--- Records supplied Enclosed Below ---

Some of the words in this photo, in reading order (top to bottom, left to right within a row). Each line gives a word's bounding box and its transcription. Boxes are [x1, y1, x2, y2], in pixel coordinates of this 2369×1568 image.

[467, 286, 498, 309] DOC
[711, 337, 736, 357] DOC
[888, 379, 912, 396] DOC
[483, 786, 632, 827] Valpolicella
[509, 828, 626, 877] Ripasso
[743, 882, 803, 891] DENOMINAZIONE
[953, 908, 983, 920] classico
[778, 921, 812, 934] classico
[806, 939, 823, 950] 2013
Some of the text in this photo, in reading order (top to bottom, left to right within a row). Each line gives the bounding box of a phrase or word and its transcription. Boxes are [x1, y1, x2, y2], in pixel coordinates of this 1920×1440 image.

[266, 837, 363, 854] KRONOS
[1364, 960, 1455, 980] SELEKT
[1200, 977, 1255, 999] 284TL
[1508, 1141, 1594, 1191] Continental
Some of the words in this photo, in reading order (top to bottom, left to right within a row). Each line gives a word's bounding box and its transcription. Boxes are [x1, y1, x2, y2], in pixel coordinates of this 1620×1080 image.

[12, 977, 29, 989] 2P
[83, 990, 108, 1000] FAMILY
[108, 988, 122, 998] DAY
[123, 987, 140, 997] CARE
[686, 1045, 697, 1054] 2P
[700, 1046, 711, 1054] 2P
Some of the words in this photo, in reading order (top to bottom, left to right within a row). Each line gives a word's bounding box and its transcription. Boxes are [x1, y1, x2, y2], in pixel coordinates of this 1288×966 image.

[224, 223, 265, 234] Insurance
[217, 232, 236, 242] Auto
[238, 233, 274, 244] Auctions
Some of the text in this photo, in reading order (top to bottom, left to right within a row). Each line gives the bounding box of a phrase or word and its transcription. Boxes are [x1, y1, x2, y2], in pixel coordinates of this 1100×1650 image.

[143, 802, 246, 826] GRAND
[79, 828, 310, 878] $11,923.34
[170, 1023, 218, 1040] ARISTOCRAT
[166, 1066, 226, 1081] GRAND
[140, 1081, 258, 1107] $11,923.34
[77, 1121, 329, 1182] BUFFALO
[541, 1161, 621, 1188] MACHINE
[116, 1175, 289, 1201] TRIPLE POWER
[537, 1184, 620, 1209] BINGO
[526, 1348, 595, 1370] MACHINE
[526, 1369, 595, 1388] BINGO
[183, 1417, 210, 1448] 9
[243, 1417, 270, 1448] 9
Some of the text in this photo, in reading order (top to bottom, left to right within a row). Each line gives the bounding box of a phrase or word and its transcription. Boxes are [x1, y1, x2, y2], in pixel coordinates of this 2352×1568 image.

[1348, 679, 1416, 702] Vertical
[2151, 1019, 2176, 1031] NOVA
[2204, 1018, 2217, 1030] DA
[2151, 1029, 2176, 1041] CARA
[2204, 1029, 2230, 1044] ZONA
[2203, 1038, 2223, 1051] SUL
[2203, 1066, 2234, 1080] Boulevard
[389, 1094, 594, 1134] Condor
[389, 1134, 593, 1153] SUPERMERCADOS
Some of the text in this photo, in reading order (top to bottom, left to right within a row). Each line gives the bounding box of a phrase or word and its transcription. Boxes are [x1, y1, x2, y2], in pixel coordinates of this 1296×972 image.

--- End of Enclosed Records supplied ---

What to do: Write all the records out again. Nothing may differ from the original.

Result:
Some of the words in this photo, in reading order (top to bottom, left to right within a row). Each line gives a word's bounding box and its transcription. Boxes are [x1, y1, x2, y2], in pixel coordinates of this 2369×1568 image.

[467, 286, 498, 309] DOC
[711, 337, 736, 357] DOC
[888, 379, 912, 396] DOC
[483, 786, 632, 827] Valpolicella
[509, 828, 626, 877] Ripasso
[743, 882, 803, 891] DENOMINAZIONE
[953, 908, 983, 920] classico
[778, 921, 812, 934] classico
[806, 939, 823, 950] 2013
Some of the text in this photo, in reading order (top to bottom, left to right within a row). Each line gives the bounding box of a phrase or word and its transcription. Boxes are [x1, y1, x2, y2], in pixel coordinates of this 1920×1440 image.

[266, 837, 363, 854] KRONOS
[1364, 960, 1455, 980] SELEKT
[1200, 977, 1255, 999] 284TL
[1508, 1141, 1594, 1191] Continental
Some of the words in this photo, in reading order (top to bottom, left to right within a row). Each line gives a word's bounding box and its transcription. Boxes are [x1, y1, x2, y2], in pixel coordinates of this 1620×1080 image.

[12, 977, 29, 989] 2P
[83, 990, 108, 1000] FAMILY
[108, 988, 122, 998] DAY
[123, 987, 140, 997] CARE
[686, 1045, 697, 1054] 2P
[700, 1046, 711, 1054] 2P
Some of the words in this photo, in reading order (top to bottom, left to right within a row). Each line gives a word's bounding box and its transcription. Boxes are [x1, y1, x2, y2], in pixel coordinates of this 1288×966 image.

[224, 223, 265, 234] Insurance
[217, 232, 236, 242] Auto
[238, 233, 274, 244] Auctions
Some of the text in this photo, in reading order (top to bottom, left to right within a row). Each line gives the bounding box of a phrase or word and its transcription. Boxes are [x1, y1, x2, y2], in pixel coordinates of this 1100×1650 image.

[143, 802, 246, 826] GRAND
[79, 828, 310, 878] $11,923.34
[170, 1023, 218, 1040] ARISTOCRAT
[166, 1066, 226, 1081] GRAND
[140, 1081, 258, 1107] $11,923.34
[77, 1121, 329, 1182] BUFFALO
[541, 1161, 621, 1188] MACHINE
[116, 1175, 289, 1201] TRIPLE POWER
[537, 1184, 620, 1209] BINGO
[526, 1348, 595, 1370] MACHINE
[526, 1369, 595, 1388] BINGO
[183, 1417, 210, 1448] 9
[243, 1417, 270, 1448] 9
Some of the text in this photo, in reading order (top to bottom, left to right within a row). Each line gives the bounding box of a phrase or word and its transcription. Boxes are [x1, y1, x2, y2], in pixel coordinates of this 2352×1568 image.

[1348, 679, 1416, 702] Vertical
[2151, 1019, 2176, 1031] NOVA
[2204, 1018, 2217, 1030] DA
[2151, 1029, 2176, 1041] CARA
[2204, 1029, 2230, 1044] ZONA
[2203, 1038, 2223, 1051] SUL
[2203, 1066, 2234, 1080] Boulevard
[389, 1094, 594, 1134] Condor
[389, 1134, 593, 1153] SUPERMERCADOS
Some of the text in this photo, in reading order (top to bottom, left to right within a row). Each line gives the bounding box of a phrase or word and its transcription. Boxes are [x1, y1, x2, y2], in pixel coordinates of this 1296×972 image.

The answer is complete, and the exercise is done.